(Saved data entries)
'''

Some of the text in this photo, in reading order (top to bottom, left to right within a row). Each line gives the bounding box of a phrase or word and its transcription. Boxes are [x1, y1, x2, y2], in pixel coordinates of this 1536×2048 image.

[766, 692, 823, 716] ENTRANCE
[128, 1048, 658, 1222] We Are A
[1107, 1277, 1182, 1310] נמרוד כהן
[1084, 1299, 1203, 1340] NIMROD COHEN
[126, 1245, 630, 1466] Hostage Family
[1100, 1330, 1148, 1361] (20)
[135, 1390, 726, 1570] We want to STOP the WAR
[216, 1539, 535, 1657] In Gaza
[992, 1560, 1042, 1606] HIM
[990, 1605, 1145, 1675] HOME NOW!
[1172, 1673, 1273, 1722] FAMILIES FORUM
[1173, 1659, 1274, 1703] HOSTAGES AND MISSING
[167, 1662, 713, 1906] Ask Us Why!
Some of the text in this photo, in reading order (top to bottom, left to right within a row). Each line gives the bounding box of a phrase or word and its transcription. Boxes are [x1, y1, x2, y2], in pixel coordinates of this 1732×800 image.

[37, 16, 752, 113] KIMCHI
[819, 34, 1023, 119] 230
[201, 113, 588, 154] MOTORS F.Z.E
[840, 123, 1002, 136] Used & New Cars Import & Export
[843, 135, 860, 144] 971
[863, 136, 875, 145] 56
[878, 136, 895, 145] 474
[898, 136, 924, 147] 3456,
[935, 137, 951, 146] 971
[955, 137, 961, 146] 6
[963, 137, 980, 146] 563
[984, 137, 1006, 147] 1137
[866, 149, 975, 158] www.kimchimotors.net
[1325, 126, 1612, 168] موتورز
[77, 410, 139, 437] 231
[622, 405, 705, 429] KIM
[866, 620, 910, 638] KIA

'''

Each record above needs to be written out exactly, with nothing left out.

Some of the text in this photo, in reading order (top to bottom, left to right within a row). Each line gives the bounding box of a phrase or word and its transcription. Boxes are [x1, y1, x2, y2], in pixel coordinates of this 1536×2048 image.

[766, 692, 823, 716] ENTRANCE
[128, 1048, 658, 1222] We Are A
[1107, 1277, 1182, 1310] נמרוד כהן
[1084, 1299, 1203, 1340] NIMROD COHEN
[126, 1245, 630, 1466] Hostage Family
[1100, 1330, 1148, 1361] (20)
[135, 1390, 726, 1570] We want to STOP the WAR
[216, 1539, 535, 1657] In Gaza
[992, 1560, 1042, 1606] HIM
[990, 1605, 1145, 1675] HOME NOW!
[1172, 1673, 1273, 1722] FAMILIES FORUM
[1173, 1659, 1274, 1703] HOSTAGES AND MISSING
[167, 1662, 713, 1906] Ask Us Why!
Some of the text in this photo, in reading order (top to bottom, left to right within a row). Each line gives the bounding box of a phrase or word and its transcription. Boxes are [x1, y1, x2, y2], in pixel coordinates of this 1732×800 image.

[37, 16, 752, 113] KIMCHI
[819, 34, 1023, 119] 230
[201, 113, 588, 154] MOTORS F.Z.E
[840, 123, 1002, 136] Used & New Cars Import & Export
[843, 135, 860, 144] 971
[863, 136, 875, 145] 56
[878, 136, 895, 145] 474
[898, 136, 924, 147] 3456,
[935, 137, 951, 146] 971
[955, 137, 961, 146] 6
[963, 137, 980, 146] 563
[984, 137, 1006, 147] 1137
[866, 149, 975, 158] www.kimchimotors.net
[1325, 126, 1612, 168] موتورز
[77, 410, 139, 437] 231
[622, 405, 705, 429] KIM
[866, 620, 910, 638] KIA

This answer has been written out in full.